- _Information given_:
★ ★ ★ ★ ★ ★ ★

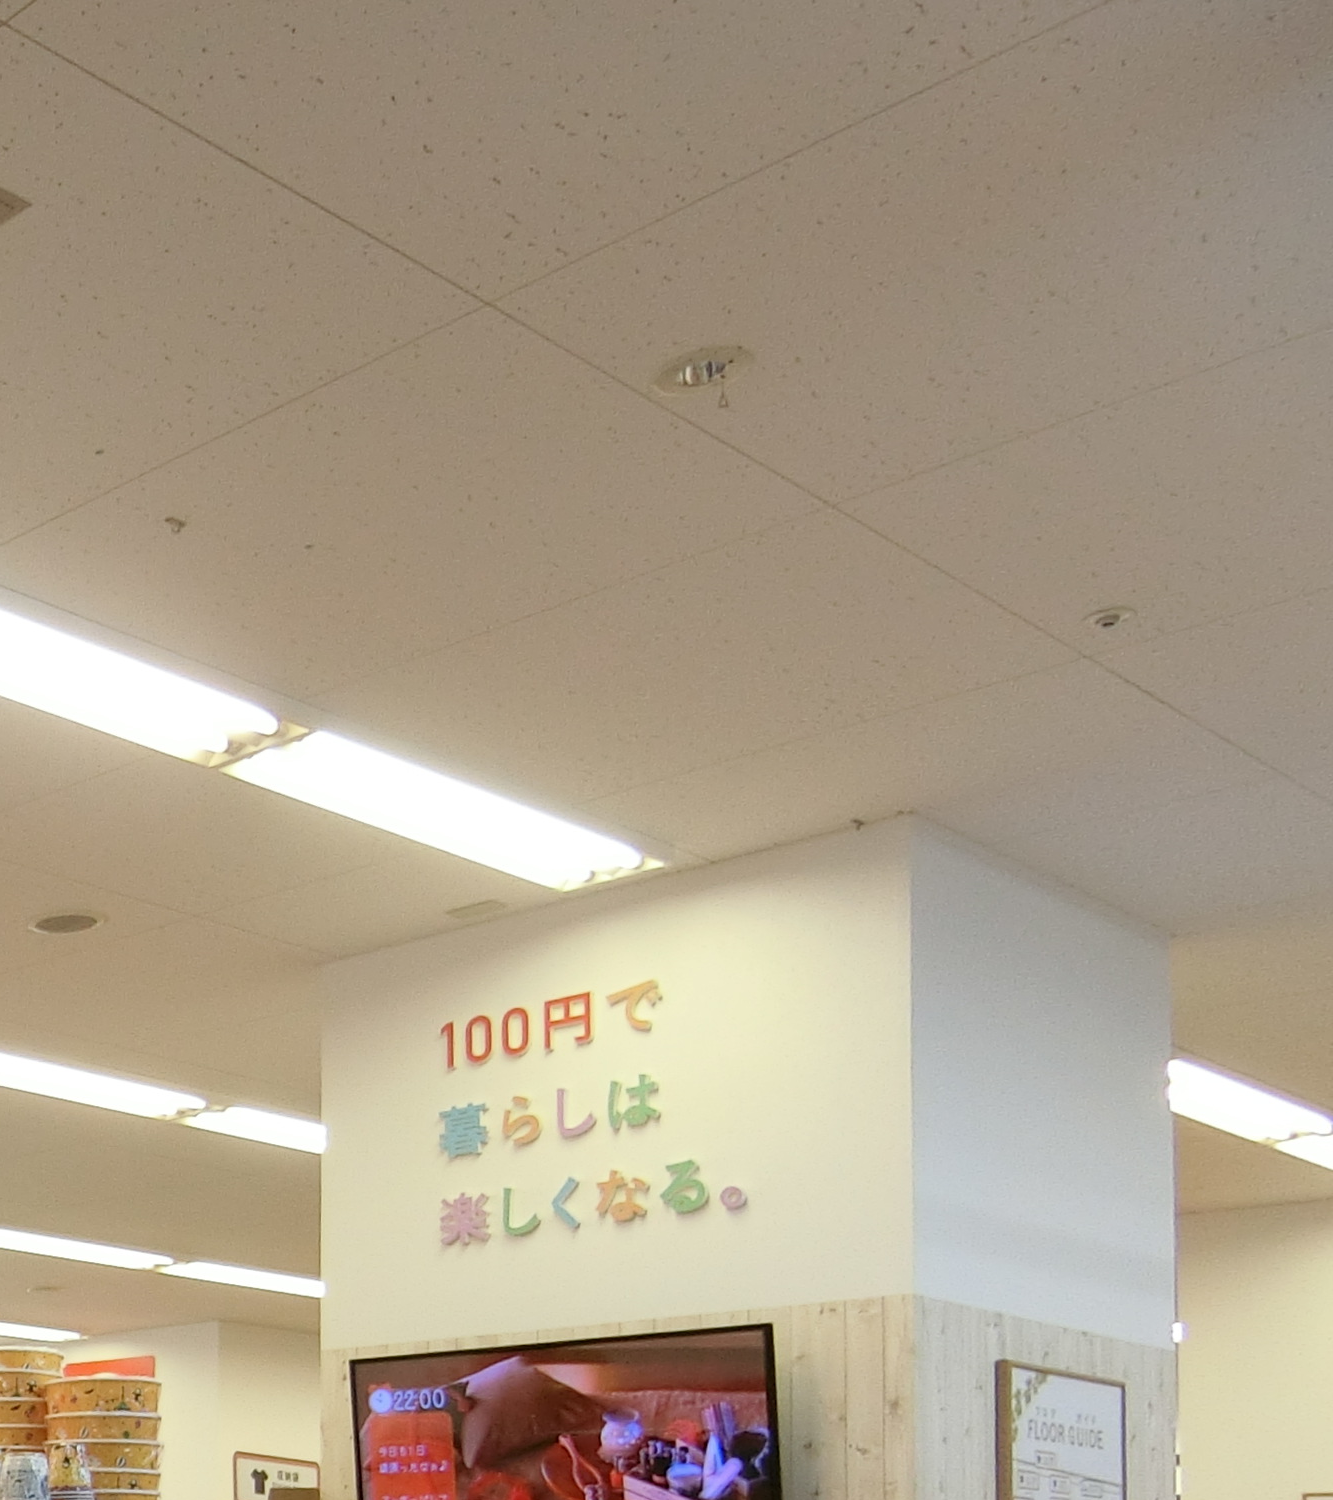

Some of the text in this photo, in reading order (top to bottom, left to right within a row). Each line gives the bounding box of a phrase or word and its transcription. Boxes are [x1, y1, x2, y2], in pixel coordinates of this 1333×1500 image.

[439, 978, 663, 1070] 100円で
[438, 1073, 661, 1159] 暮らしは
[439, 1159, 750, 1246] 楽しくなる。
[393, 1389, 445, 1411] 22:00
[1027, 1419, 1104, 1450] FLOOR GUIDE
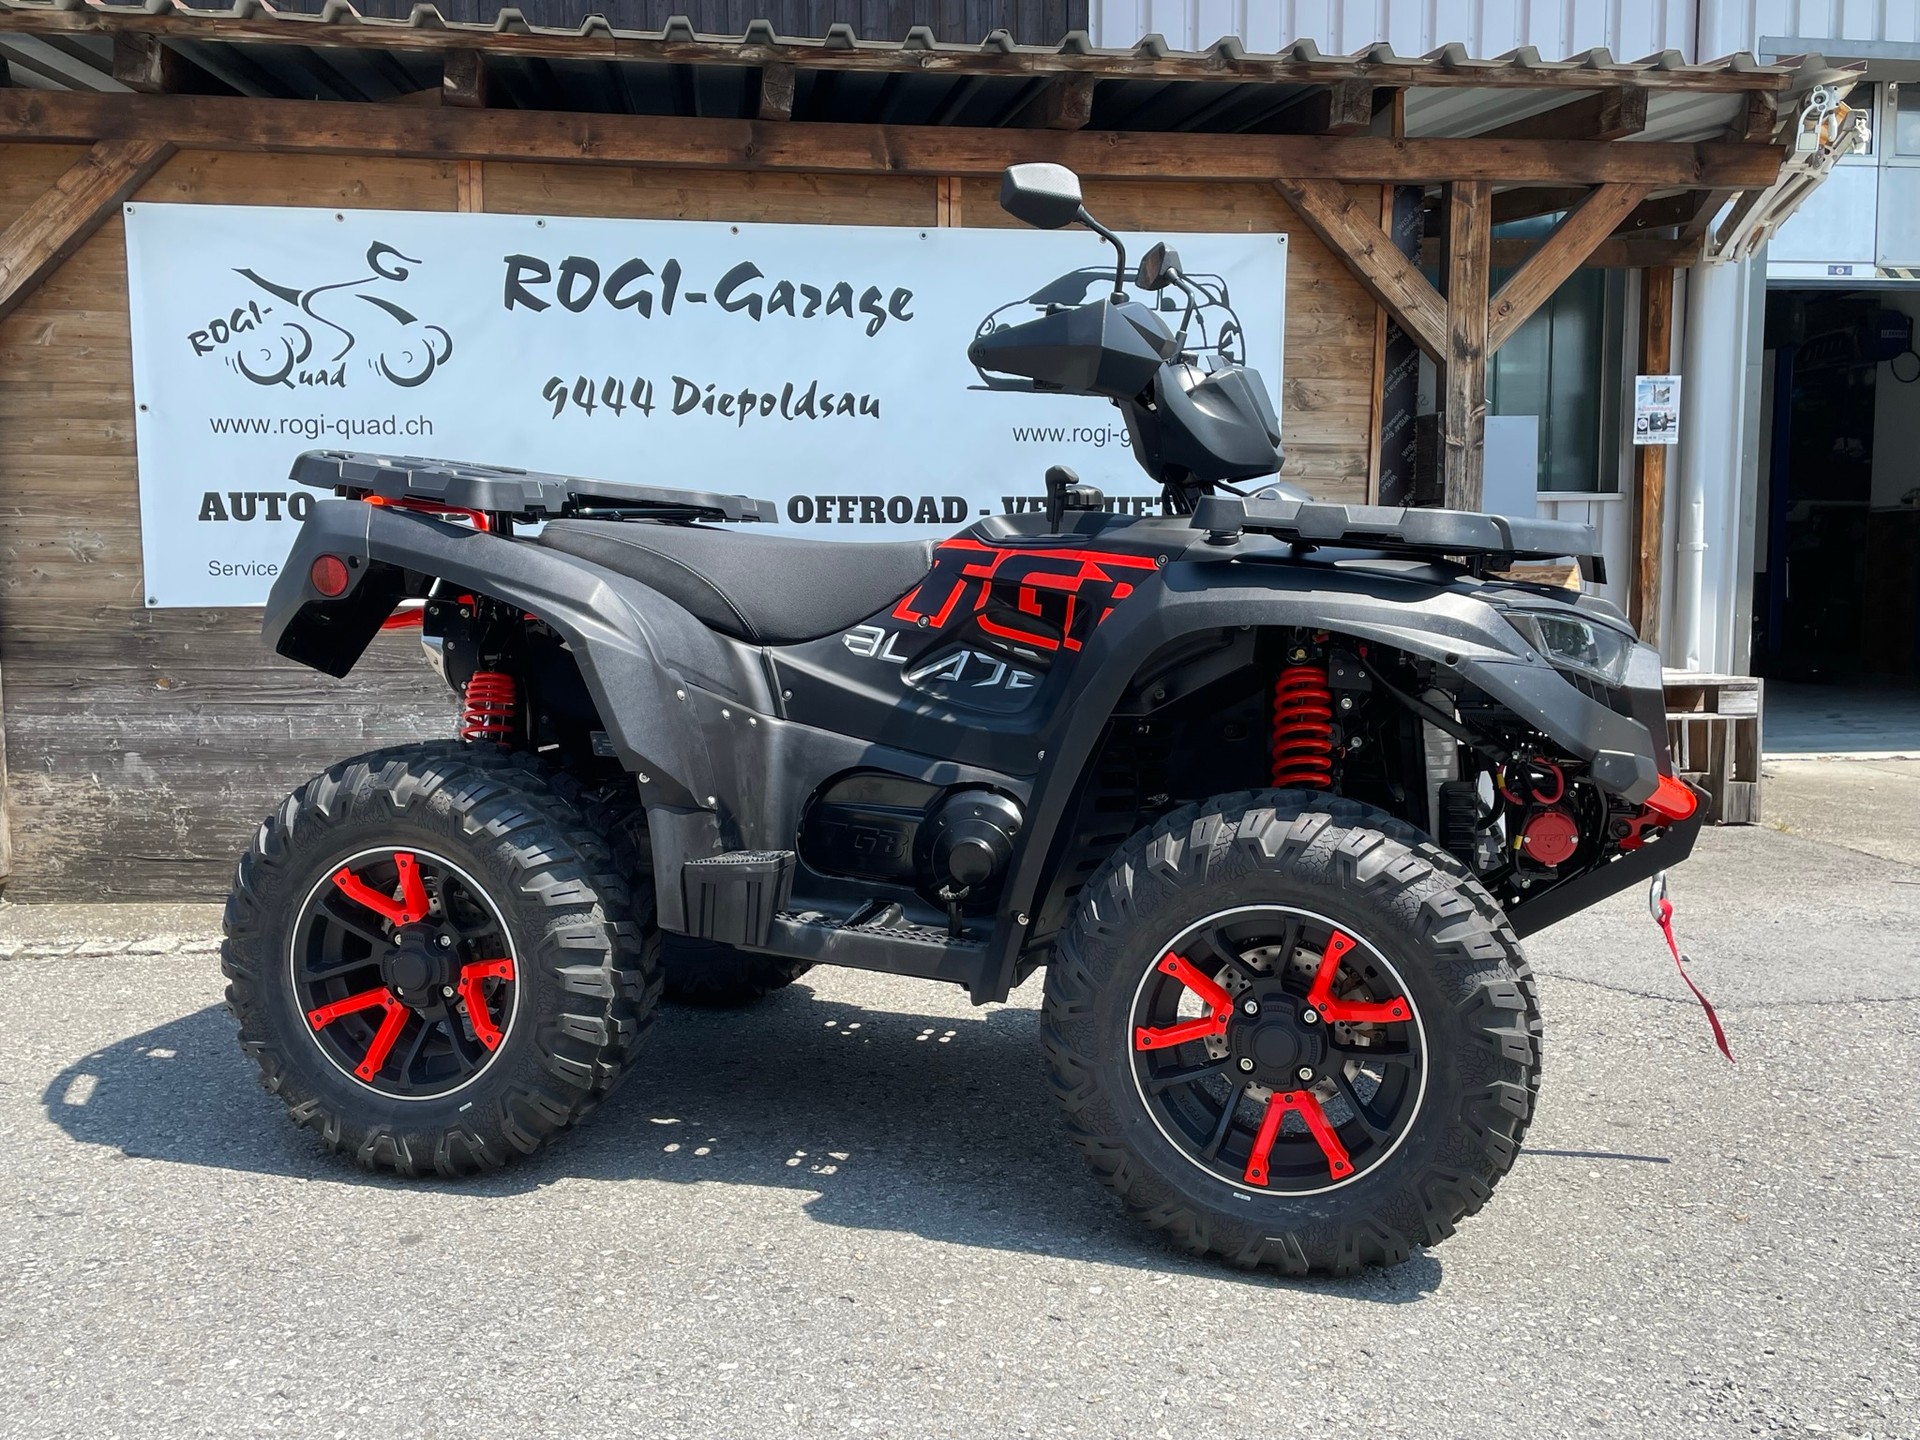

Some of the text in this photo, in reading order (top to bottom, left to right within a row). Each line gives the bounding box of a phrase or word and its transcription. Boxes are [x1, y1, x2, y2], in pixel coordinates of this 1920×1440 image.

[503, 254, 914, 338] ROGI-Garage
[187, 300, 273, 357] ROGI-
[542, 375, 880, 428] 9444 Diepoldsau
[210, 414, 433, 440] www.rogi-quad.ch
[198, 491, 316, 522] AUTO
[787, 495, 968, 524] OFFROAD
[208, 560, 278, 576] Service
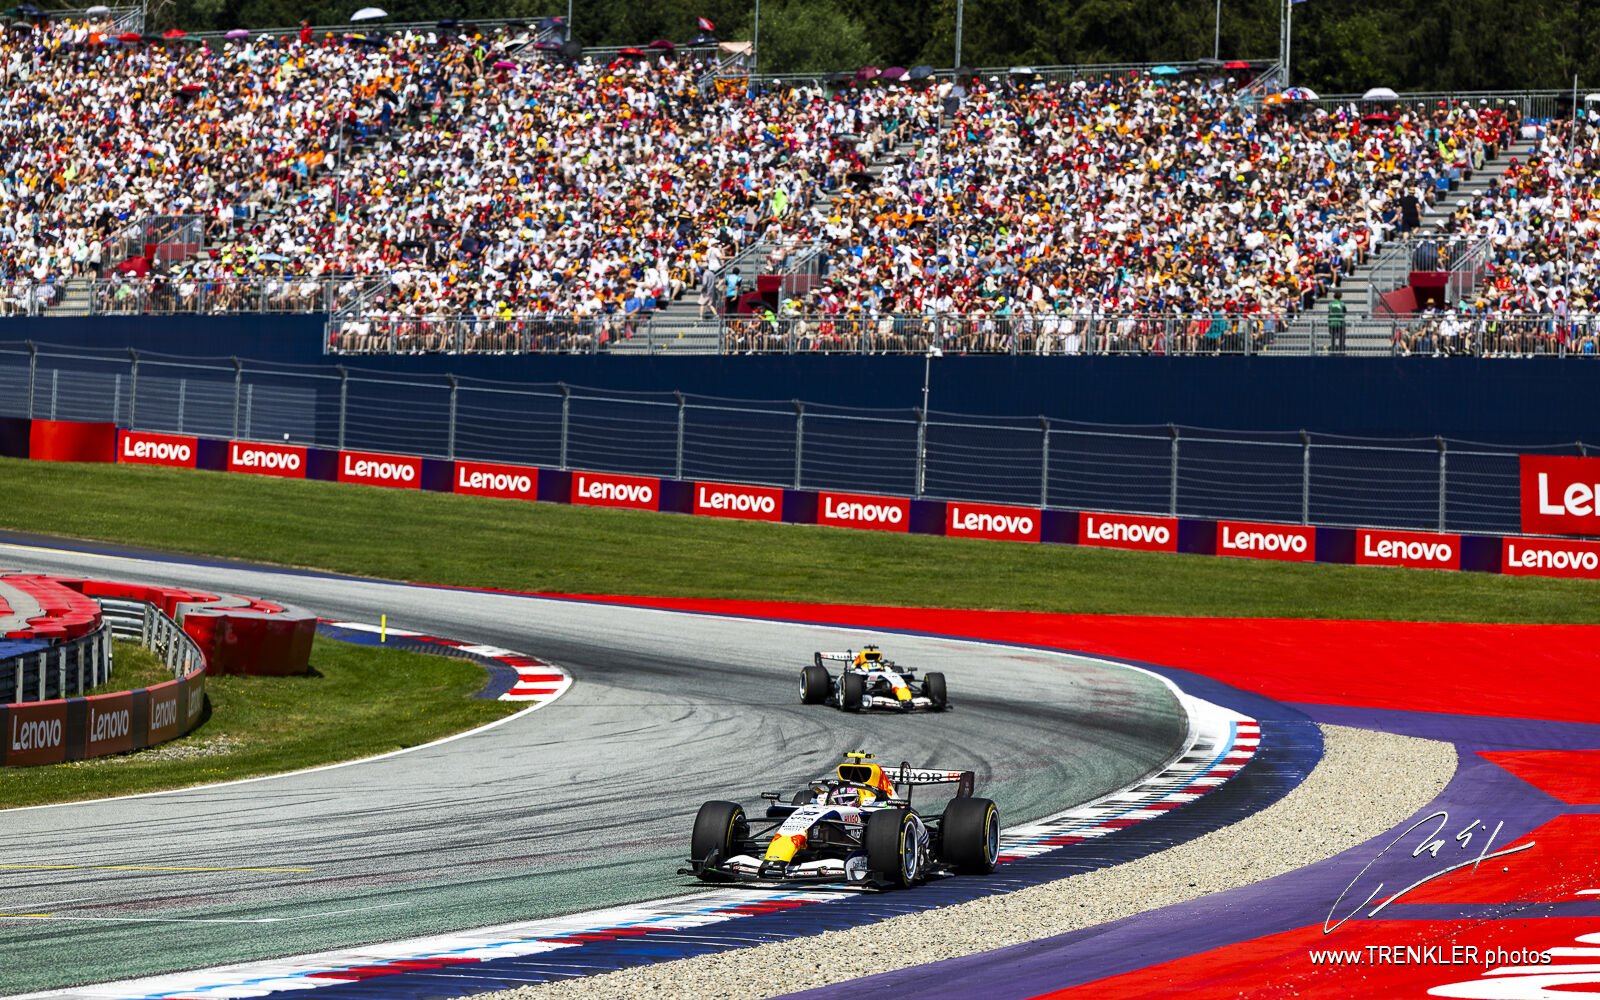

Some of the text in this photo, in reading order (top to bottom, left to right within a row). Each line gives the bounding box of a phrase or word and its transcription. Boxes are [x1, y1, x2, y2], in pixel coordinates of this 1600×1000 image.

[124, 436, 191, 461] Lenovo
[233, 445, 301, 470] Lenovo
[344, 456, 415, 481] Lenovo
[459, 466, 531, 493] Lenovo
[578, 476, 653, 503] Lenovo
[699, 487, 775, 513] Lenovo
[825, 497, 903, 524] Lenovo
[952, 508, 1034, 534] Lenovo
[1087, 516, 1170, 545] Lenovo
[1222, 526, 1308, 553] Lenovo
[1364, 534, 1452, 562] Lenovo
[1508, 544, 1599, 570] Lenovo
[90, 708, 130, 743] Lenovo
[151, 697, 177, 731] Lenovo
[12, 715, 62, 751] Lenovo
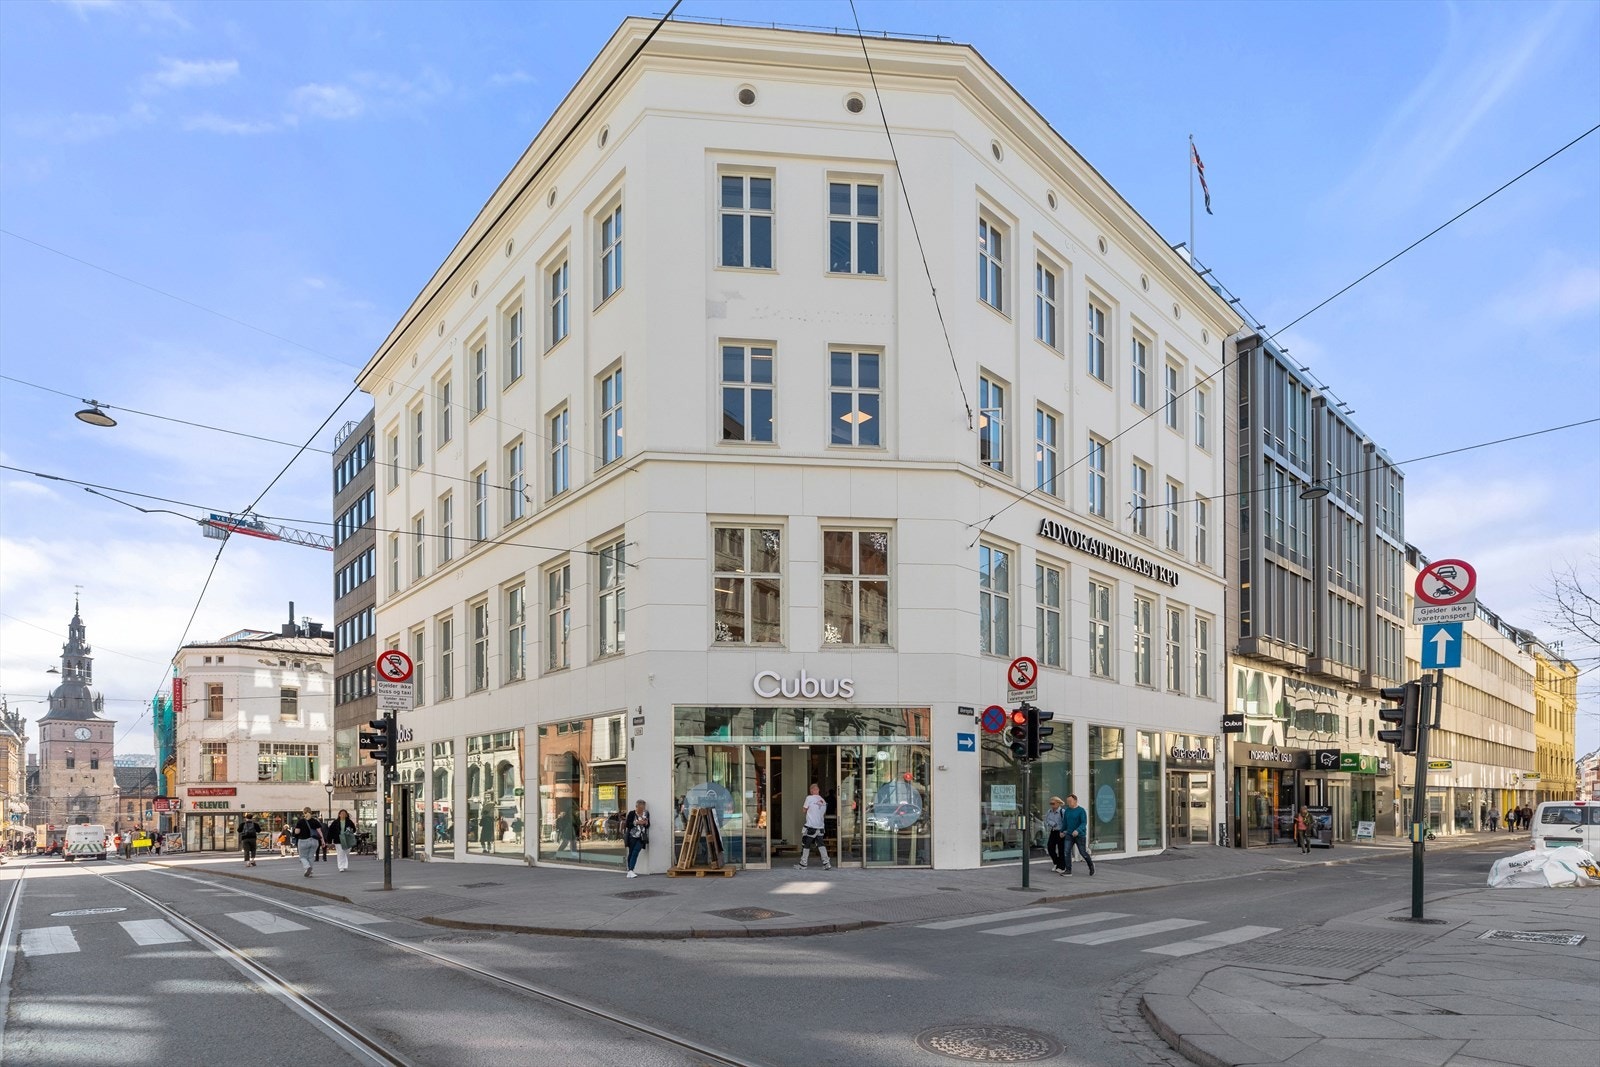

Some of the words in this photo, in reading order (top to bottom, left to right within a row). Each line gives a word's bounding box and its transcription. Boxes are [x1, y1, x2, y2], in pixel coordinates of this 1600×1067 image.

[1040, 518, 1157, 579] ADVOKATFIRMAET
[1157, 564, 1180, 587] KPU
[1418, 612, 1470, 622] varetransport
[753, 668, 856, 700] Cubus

★ ★ ★ ★ ★ ★ ★

- _Exercise brief_:
Exactly as written, copy the entries above without their pictures.

- _Task result_:
Some of the text in this photo, in reading order (top to bottom, left to right within a row). Each line gives the bounding box of a phrase or word and its transcription. Boxes are [x1, y1, x2, y2], in pixel coordinates of this 1333×1500 image.

[439, 978, 663, 1070] 100円で
[438, 1073, 661, 1159] 暮らしは
[439, 1159, 750, 1246] 楽しくなる。
[393, 1389, 445, 1411] 22:00
[1027, 1419, 1104, 1450] FLOOR GUIDE

Some of the text in this photo, in reading order (top to bottom, left to right within a row). Each line gives the bounding box of a phrase or word and its transcription. Boxes are [x1, y1, x2, y2], in pixel coordinates of this 1920×1440 image.

[503, 254, 914, 338] ROGI-Garage
[187, 300, 273, 357] ROGI-
[542, 375, 880, 428] 9444 Diepoldsau
[210, 414, 433, 440] www.rogi-quad.ch
[198, 491, 316, 522] AUTO
[787, 495, 968, 524] OFFROAD
[208, 560, 278, 576] Service

Some of the text in this photo, in reading order (top to bottom, left to right within a row). Each line gives the bounding box of a phrase or word and its transcription. Boxes are [x1, y1, x2, y2], in pixel coordinates of this 1600×1000 image.

[124, 436, 191, 461] Lenovo
[233, 445, 301, 470] Lenovo
[344, 456, 415, 481] Lenovo
[459, 466, 531, 493] Lenovo
[578, 476, 653, 503] Lenovo
[699, 487, 775, 513] Lenovo
[825, 497, 903, 524] Lenovo
[952, 508, 1034, 534] Lenovo
[1087, 516, 1170, 545] Lenovo
[1222, 526, 1308, 553] Lenovo
[1364, 534, 1452, 562] Lenovo
[1508, 544, 1599, 570] Lenovo
[90, 708, 130, 743] Lenovo
[151, 697, 177, 731] Lenovo
[12, 715, 62, 751] Lenovo

Some of the words in this photo, in reading order (top to bottom, left to right within a row). Each line gives a word's bounding box and its transcription. Boxes are [x1, y1, x2, y2], in pixel coordinates of this 1600×1067 image.

[1040, 518, 1157, 579] ADVOKATFIRMAET
[1157, 564, 1180, 587] KPU
[1418, 612, 1470, 622] varetransport
[753, 668, 856, 700] Cubus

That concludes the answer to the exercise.